If parents come to an agreement on their own, they can include the terms of it in a written contract between the parents. In some cases, it might be helpful to set out the agreement in a Consent Order. In this case, the parents can generally decide in which province they prefer to have the Order entered, so long as one parent is a resident of the province. When choosing a province’s court, parents might consider how easy it is to navigate the court process or costs. That being said, it is ideal to choose the province where the child lives most of the time (is “habitually resident”) to avoid a future dispute over jurisdiction.
Applying to court for a decision
If parents cannot reach an agreement about parenting time or decision-making responsibilities and believe the only option left is to have a judge grant an order, it may be tempting for a parent to simply apply to the court closest to them. However, if the other parent disagrees, arguing about jurisdiction can be a distraction from the true issue: what is the best parenting plan for the child? Across Canada, the laws about children are very similar: the “best interests of the child” is the primary consideration.
Take, for example, a case I once witnessed. The children had lived with Mom since birth in B.C. After the parents separated, Dad moved to Alberta. The children visited Dad for the summer holiday, and he believed the children should continue to live with him for the whole year. In late July, he applied for primary parenting time in Alberta. When the Alberta court heard the case in mid-September, Mom’s lawyer argued successfully that Alberta was not the proper jurisdiction, so Dad’s application failed. The parents had to start the court process all over again in B.C. Had Dad simply applied to the court in B.C., a decision about where the children should live might have already been well on its way to a resolution. This also created instability for the children: they started the school year off in Alberta, then back to B.C. and likely had to wait several more months for an outcome. Choosing the most appropriate jurisdiction from the start, even if it is inconvenient to one parent, can set the family on the path to getting the best and quickest decision about their children.
What the law says about the court’s jurisdiction
Canada’s Divorce Act and Alberta’s Family Law Act both apply to parents in Alberta. The Divorce Act applies to divorcing and divorced parents. The Family Law Act applies to unmarried parents or married parents who haven’t yet filed for divorce. (Learn more about which law applies and to whom on CPLEA’s website about family law in Alberta.)

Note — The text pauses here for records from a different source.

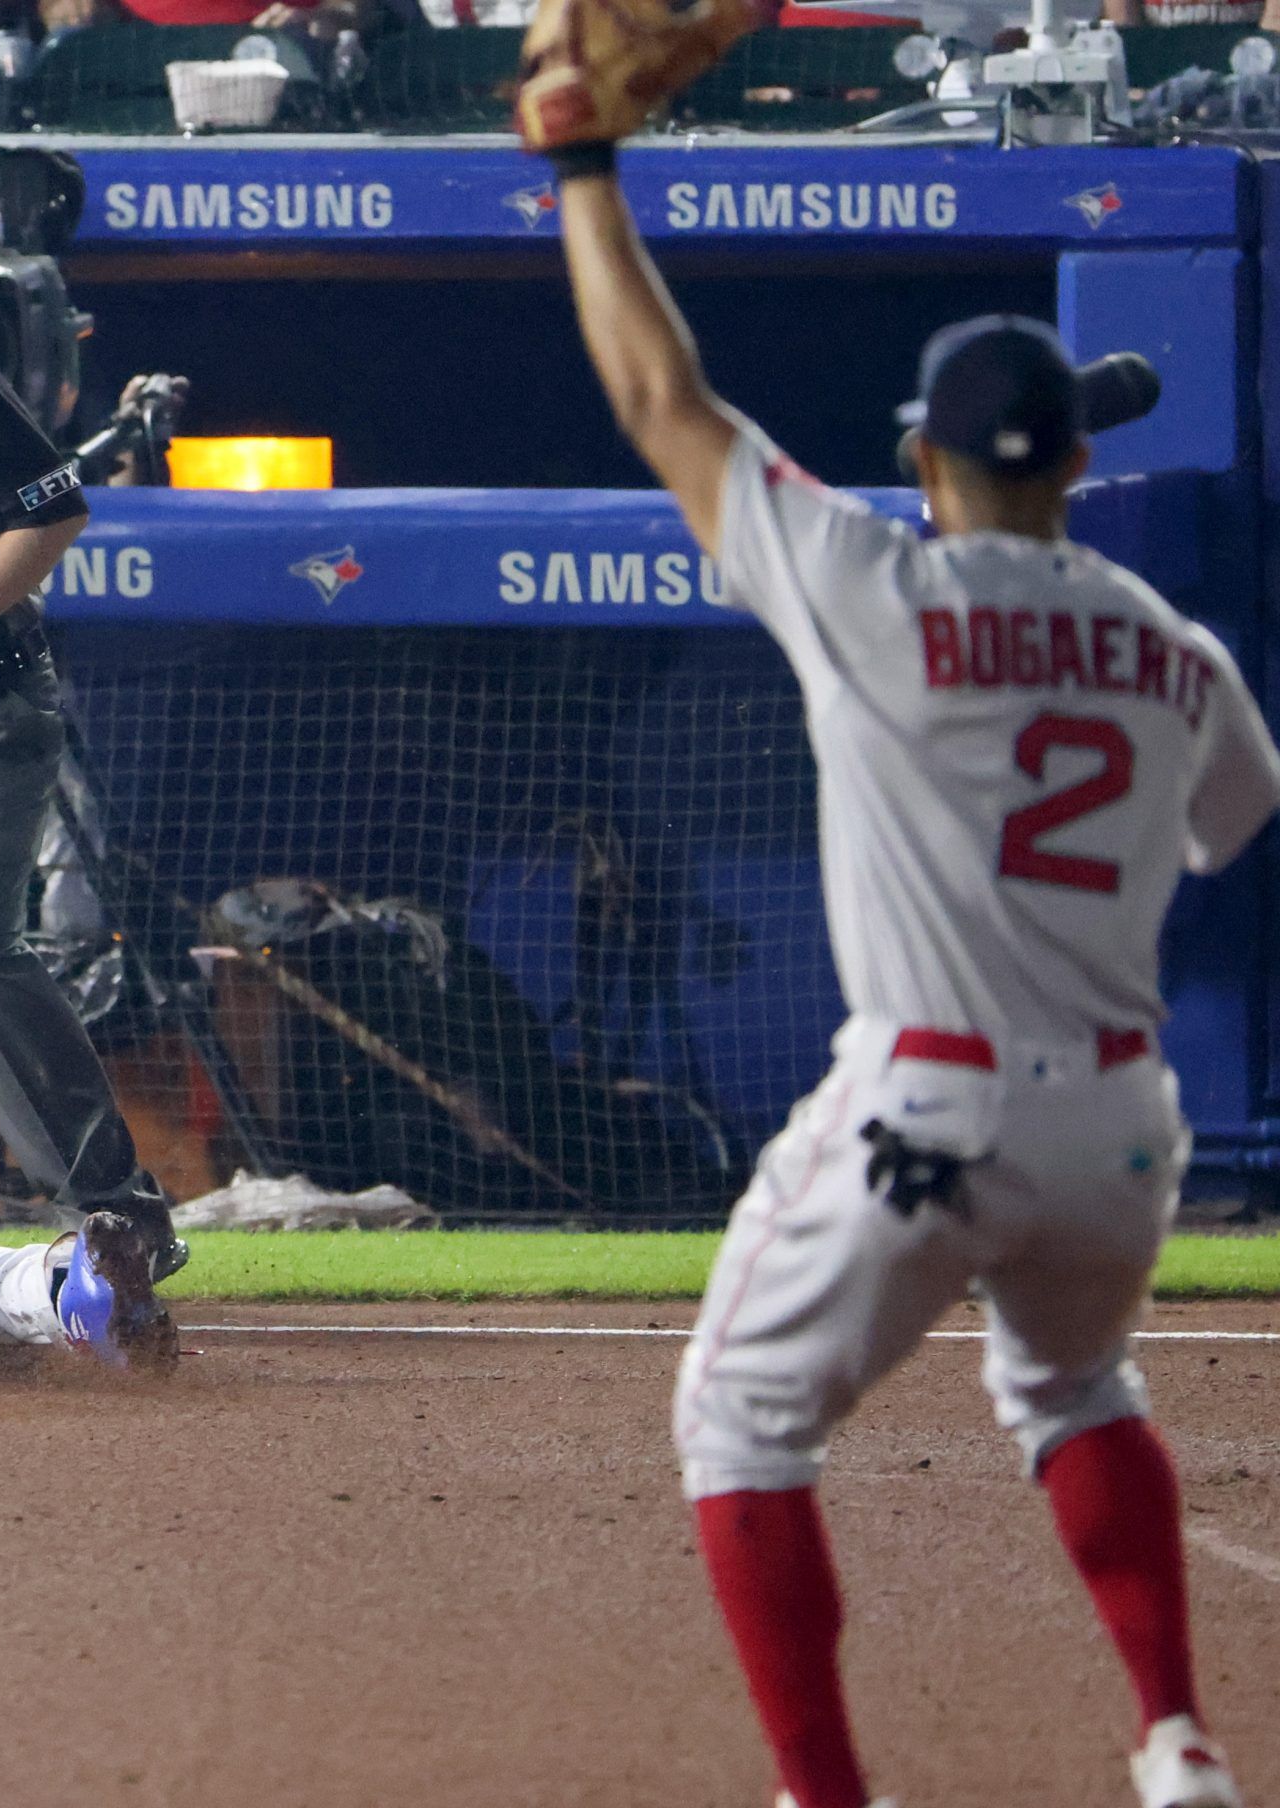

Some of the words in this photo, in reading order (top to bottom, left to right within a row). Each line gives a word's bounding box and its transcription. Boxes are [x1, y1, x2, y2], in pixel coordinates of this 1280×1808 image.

[104, 182, 394, 230] SAMSUNG
[666, 182, 958, 229] SAMSUNG
[39, 466, 81, 497] FTX
[498, 550, 731, 606] SAMSU
[919, 604, 1218, 733] BOGAERTS
[999, 710, 1134, 895] 2
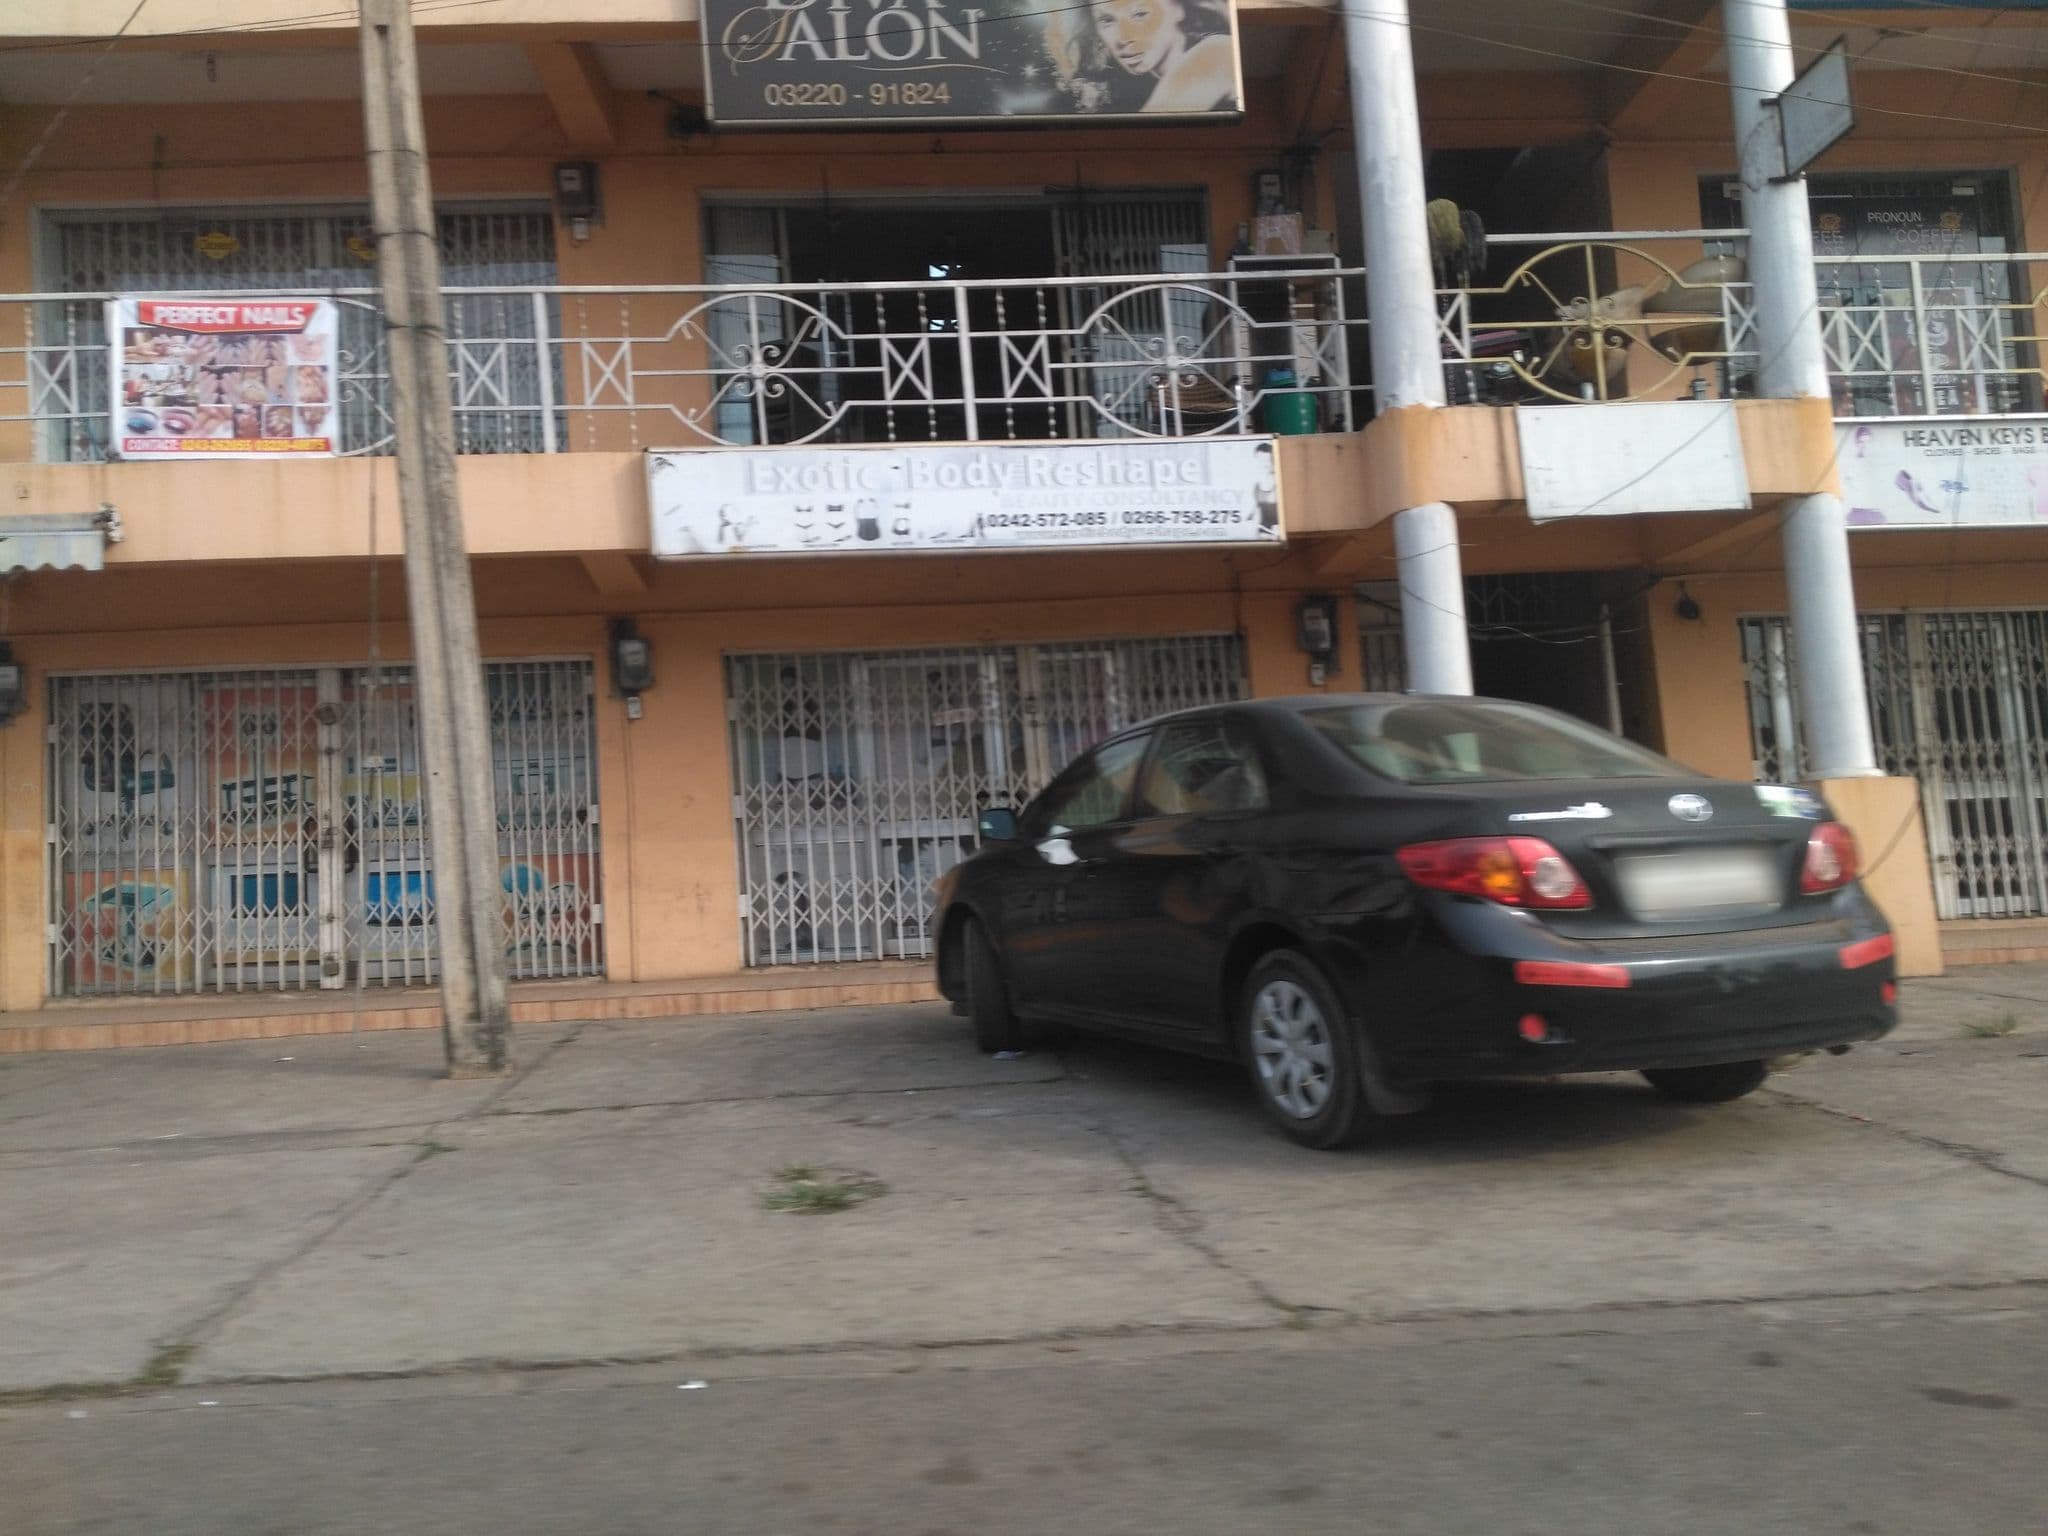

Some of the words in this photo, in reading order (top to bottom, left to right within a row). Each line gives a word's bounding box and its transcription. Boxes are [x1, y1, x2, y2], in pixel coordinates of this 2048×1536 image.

[722, 4, 986, 64] SALON
[764, 83, 847, 106] 03220
[869, 82, 952, 105] 91824
[1867, 211, 1922, 223] PRONOUN
[152, 306, 239, 323] PERFECT
[242, 306, 305, 325] NAILS
[1903, 428, 1983, 446] HEAVEN
[1988, 427, 2035, 445] KEYS
[746, 455, 876, 494] Exotic
[906, 451, 1014, 489] Body
[987, 512, 1107, 528] 0242-572-085
[1121, 510, 1241, 525] 0266-758-275
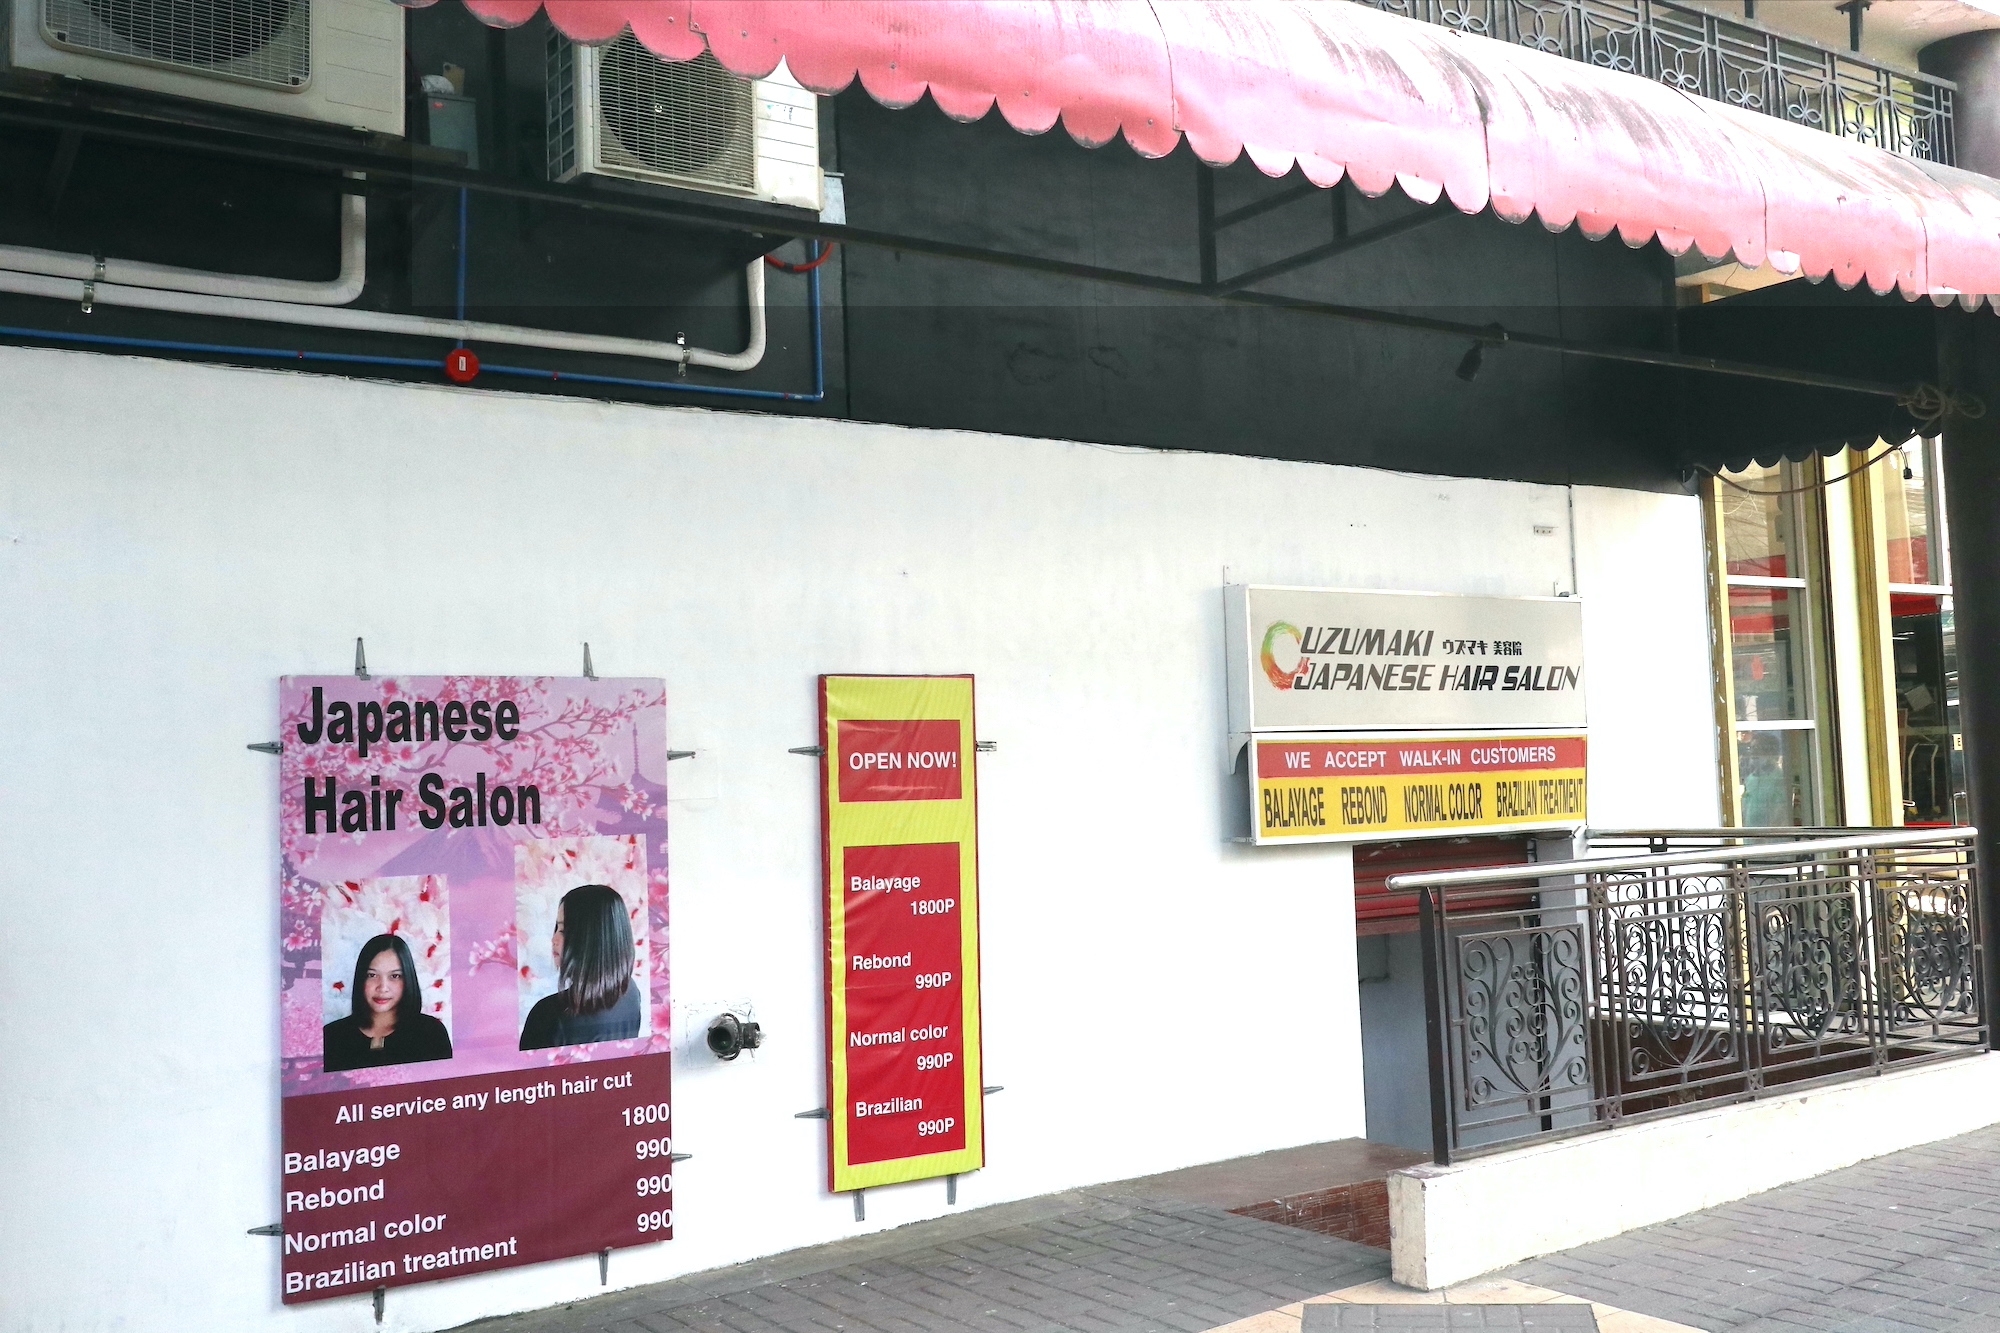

Often, the law says when a court has jurisdiction, but not always. Divorcing and divorced parents usually apply for parenting under Canada’s Divorce Act. Sections 4 and 5 of the Divorce Act allow a court to hear and decide parenting applications (also called “corollary relief”) if either parent is habitually resident in the province at the start of the proceedings, or if both parents accept the jurisdiction of the court. If each parent applies to court, the first application goes ahead. However, section 6 of the Divorce Act allows a parent to apply to court, or for the court on its own, to transfer the issue of parenting to a court in another province if the child is habitually resident in that other place.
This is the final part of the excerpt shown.